U.S. Senator John Kerry is wrapping up a three-day visit to India, where he voiced cautious support for a controversial nuclear energy deal now under discussion by Washington and New Delhi. Kerry said the deal to share U.S. civilian nuclear technology with India could be an important step for nuclear non-proliferation.

The United States has sought to isolate India's nuclear program for decades, angered at the country's decision to develop and test nuclear weapons, and at its long-standing refusal to sign the global Non-Proliferation Treaty, or NPT.

In July, Washington reversed its stance, agreeing in principle to provide nuclear fuel, technology and equipment for India's civilian energy program. Before that happens, the deal must be ratified by Congress.

On a three-day visit to India, Senator John Kerry, a leading member of the minority Democratic Party who ran against President Bush in the 2004 election, gave his cautious support to the plan. He says it makes sense to bring India's civilian nuclear program under the supervision of international nuclear inspectors.

"In principle, I support this," Senator Kerry said. "In principle, I think there is a great gain, a positive gain, for India, for the United States, for the global community, with respect to oversight that doesn't today exist. And it is better to take three-quarters of the program and get it under there, providing you're not undermining the larger, strategic goal of the NPT itself."

Before the deal is finalized, the United States and India must first agree on the terms of several complex regulatory issues, including the separation of India's civilian and military nuclear programs, nuclear safeguards and the start of international inspections at India's nuclear facilities.
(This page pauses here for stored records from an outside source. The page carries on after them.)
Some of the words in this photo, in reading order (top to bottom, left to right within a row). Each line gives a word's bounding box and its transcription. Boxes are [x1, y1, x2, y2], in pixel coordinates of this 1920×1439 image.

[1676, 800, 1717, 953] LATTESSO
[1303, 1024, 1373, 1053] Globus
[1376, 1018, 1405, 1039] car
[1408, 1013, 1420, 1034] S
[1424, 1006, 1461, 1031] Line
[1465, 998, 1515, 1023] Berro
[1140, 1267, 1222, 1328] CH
U.S. Undersecretary of State Nicholas Burns is expected to visit India later this month for further discussions on the issue.
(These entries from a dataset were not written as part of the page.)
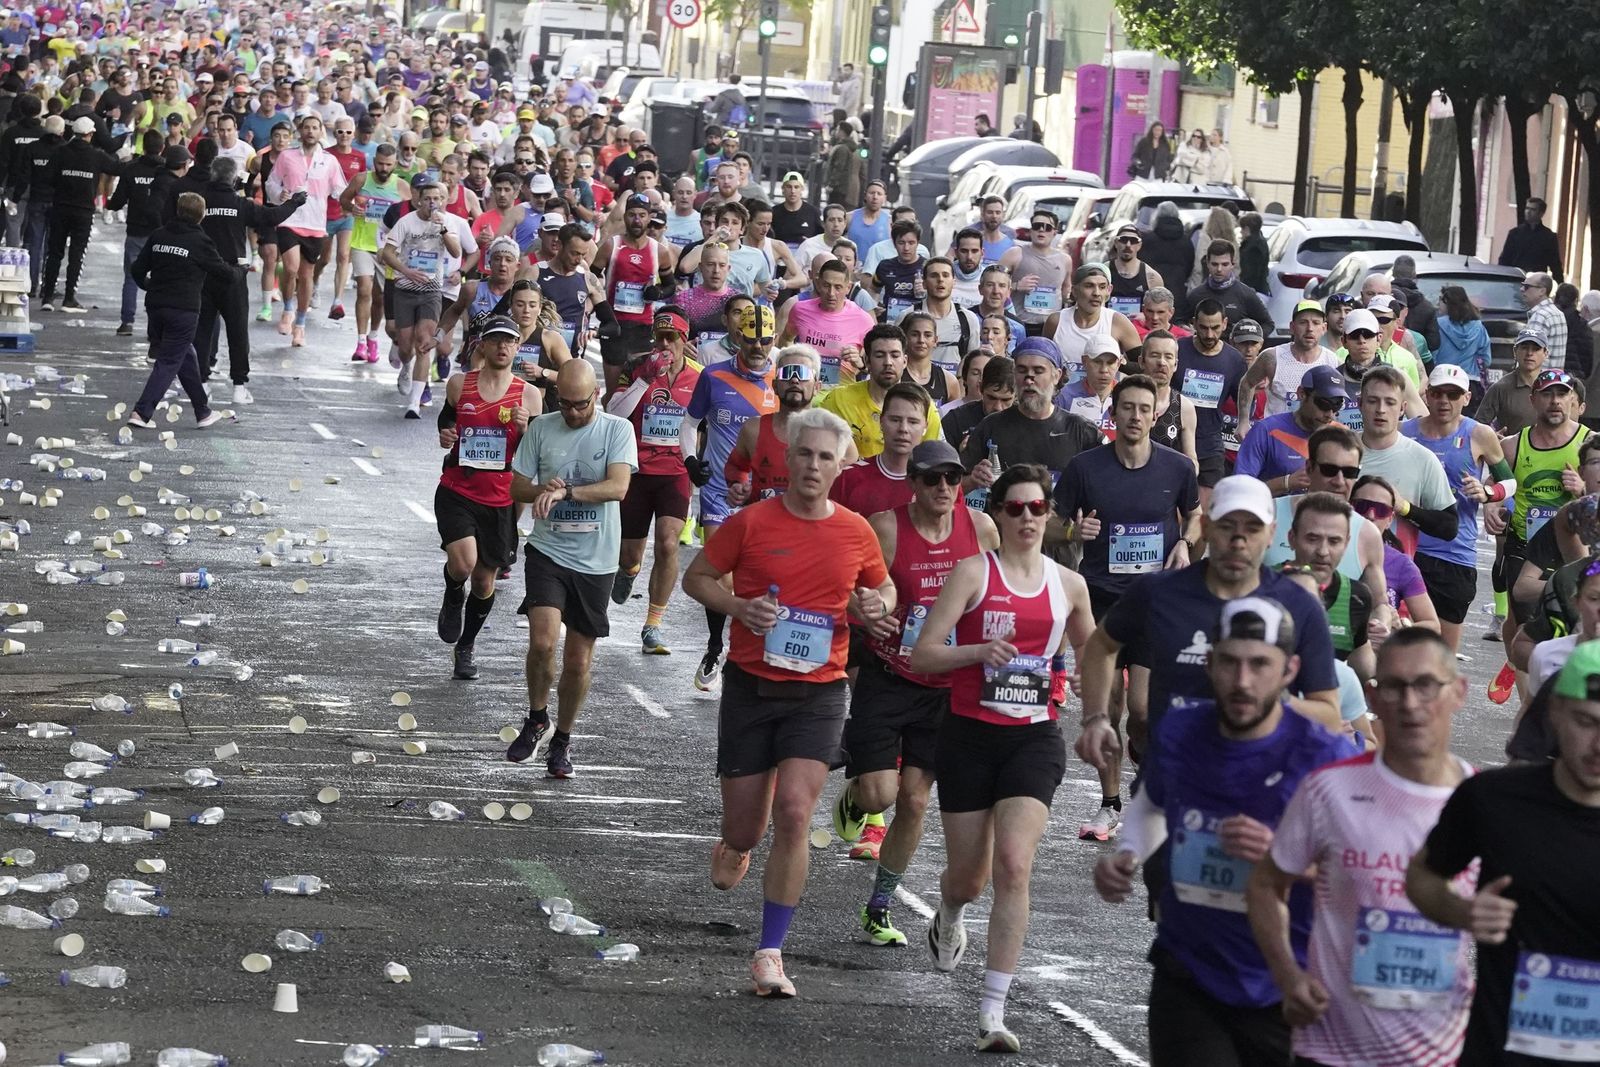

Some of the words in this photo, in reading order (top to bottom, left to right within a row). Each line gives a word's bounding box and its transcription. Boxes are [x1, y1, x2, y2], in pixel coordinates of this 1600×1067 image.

[674, 4, 694, 17] 30
[62, 169, 94, 179] VOLUNTEER
[805, 335, 827, 348] RUN
[1198, 372, 1221, 381] ZURICH
[659, 406, 684, 415] ZURICH
[475, 428, 503, 437] ZURICH
[648, 426, 680, 437] KANIJO
[475, 441, 491, 449] 8913
[464, 449, 502, 460] KRISTOF
[553, 510, 598, 521] ALBERTO
[1128, 525, 1159, 535] ZURICH
[1129, 540, 1147, 549] 8714
[1115, 550, 1159, 563] QUENTIN
[920, 560, 954, 571] GENERALI
[793, 611, 829, 628] ZURICH
[983, 610, 1017, 624] HYDE
[983, 622, 1016, 635] PARK
[790, 629, 812, 642] 5787
[784, 641, 811, 659] EDD
[994, 686, 1039, 704] HONOR
[1200, 863, 1236, 888] FLO
[1375, 962, 1437, 987] STEPH
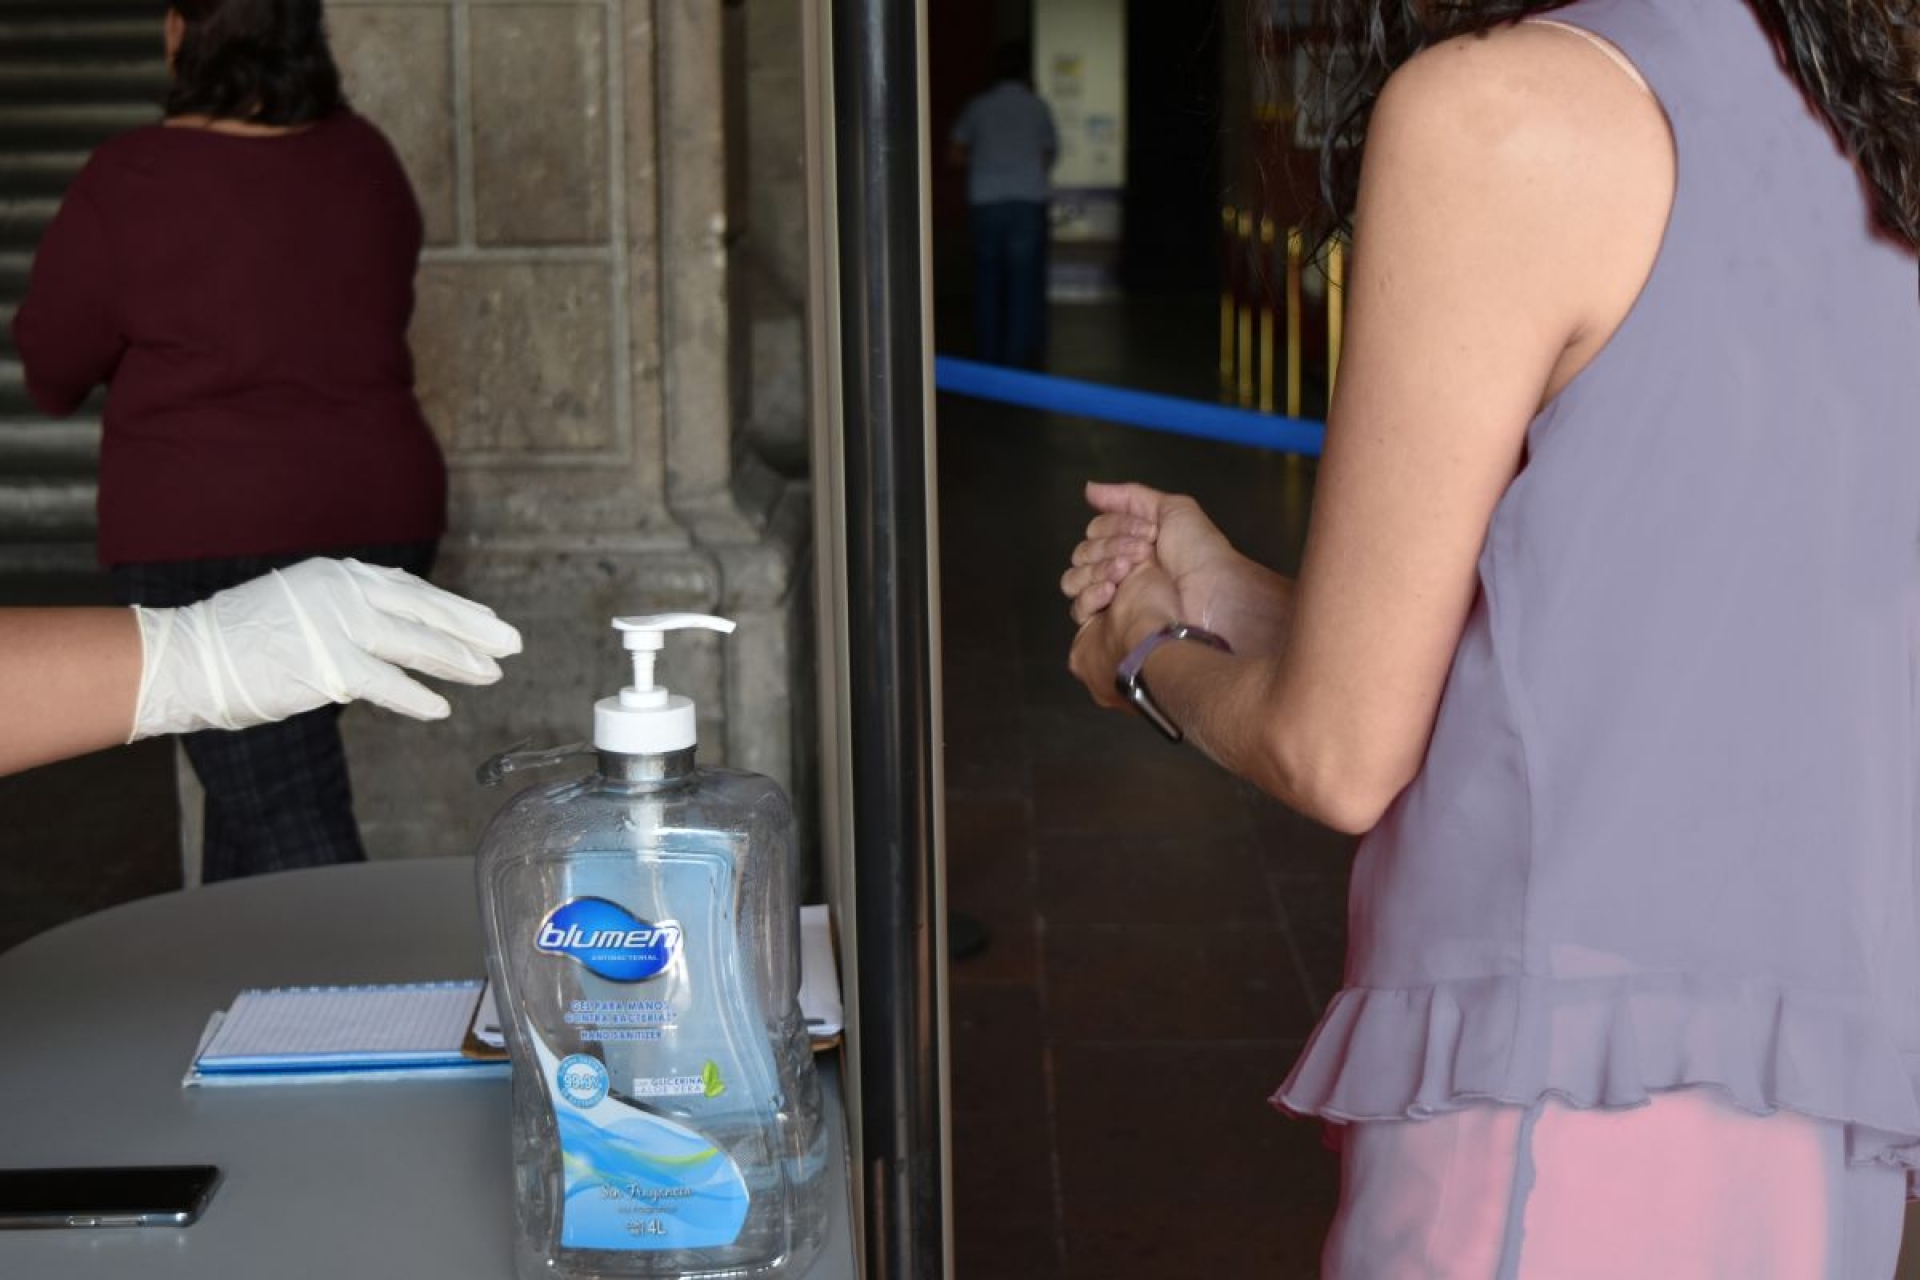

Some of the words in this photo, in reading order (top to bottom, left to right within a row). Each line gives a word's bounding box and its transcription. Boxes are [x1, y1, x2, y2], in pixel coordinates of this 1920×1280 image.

[538, 922, 680, 948] blumen
[627, 1000, 671, 1011] MANO
[647, 1219, 667, 1235] 4L
With a rapidly expanding economy and a population of more than a billion people, India says it needs improved nuclear technology to meet its growing energy needs. Critics, however, charge that such a deal could fuel an arms race with India's historic enemy and nuclear rival, Pakistan.

The deal could also complicate efforts by the U.S. and the European Union to counter Iran's nuclear program, which they fear is intended to build nuclear weapons. Iran insists that it wants nuclear technology only for civilian use. Kerry says that his meetings with senior Indian officials included discussions of the deal's broader implications.
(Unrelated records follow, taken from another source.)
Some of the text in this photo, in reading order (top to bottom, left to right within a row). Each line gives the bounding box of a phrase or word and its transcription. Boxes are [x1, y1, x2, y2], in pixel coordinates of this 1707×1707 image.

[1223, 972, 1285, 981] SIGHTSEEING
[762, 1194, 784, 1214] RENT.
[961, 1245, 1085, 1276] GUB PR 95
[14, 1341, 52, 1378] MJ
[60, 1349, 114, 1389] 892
"It is important to view it in its bilateral context," he said. "But it is also, by definition, something that has an impact that is broader than bilateral, and you have to also take into account those considerations, particularly at this moment with Iran."

Kerry visited India as part of a 12-day trip that includes stops in Afghanistan and Iraq to assess the U.S.-led war on terror.

On Saturday, he is scheduled to go to Pakistan, where he is expected to tour regions devastated by the October 8 earthquake in Kashmir.